Here's the background: there's a certain trail race that I'd like to run, but there are always more applicants than slots, so the organizers have resorted to a lottery system to pick entrants this year. Unfortunately, I didn't get in, but I am in the top 25 on the wait list.

The lottery winners have until midnight tonight to pay their entry fee - otherwise the wait-listed people move into their slots. On the lottery page, it is clearly indicated who has, and who hasn't, paid their entry fee yet.

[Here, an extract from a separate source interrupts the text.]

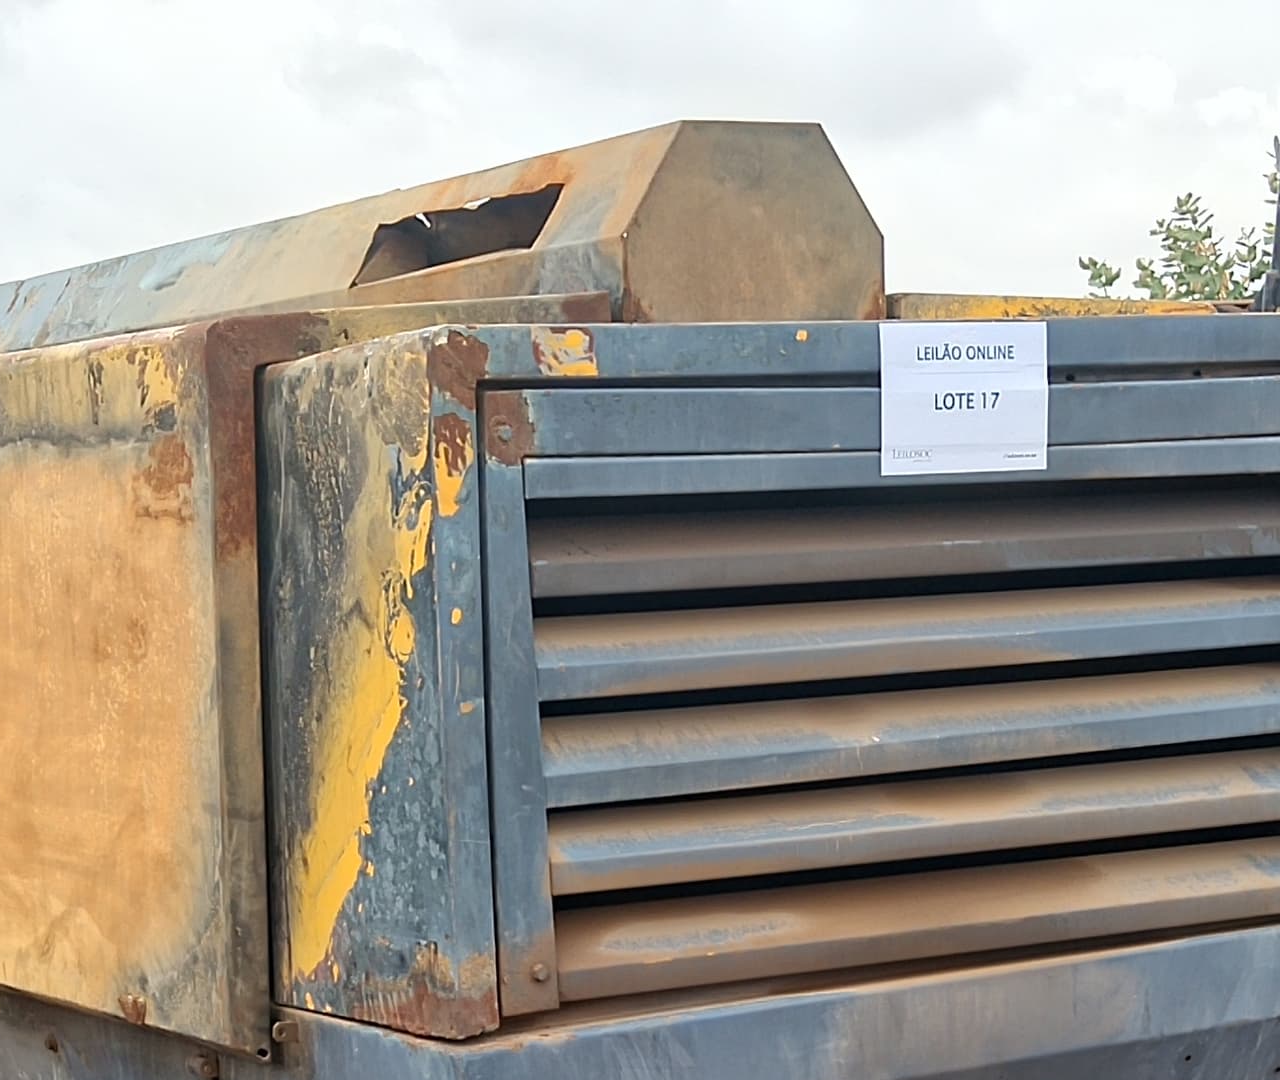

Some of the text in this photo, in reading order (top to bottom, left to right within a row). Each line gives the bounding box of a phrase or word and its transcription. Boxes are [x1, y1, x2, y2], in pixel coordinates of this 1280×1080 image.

Now I could obsessively sit at my computer, refresh the page every five minutes and count the "Not Paid" entrants... or I could be obsessive and lazy, and enlist Perl for help.

With just three use directives, I'm in business:

use LWP::UserAgent; use HTML::TableParser; use XML::RSS;
And now in 50 non-optimized lines, I can easily write a script that screen-scrapes the web page (using LWP::UserAgent), counts the people who've paid and those who haven't (via HTML::TableParser), then print a simple RSS file (with XML::RSS) to a web-accessible spot that I've now added to my News Reader application (Google Reader).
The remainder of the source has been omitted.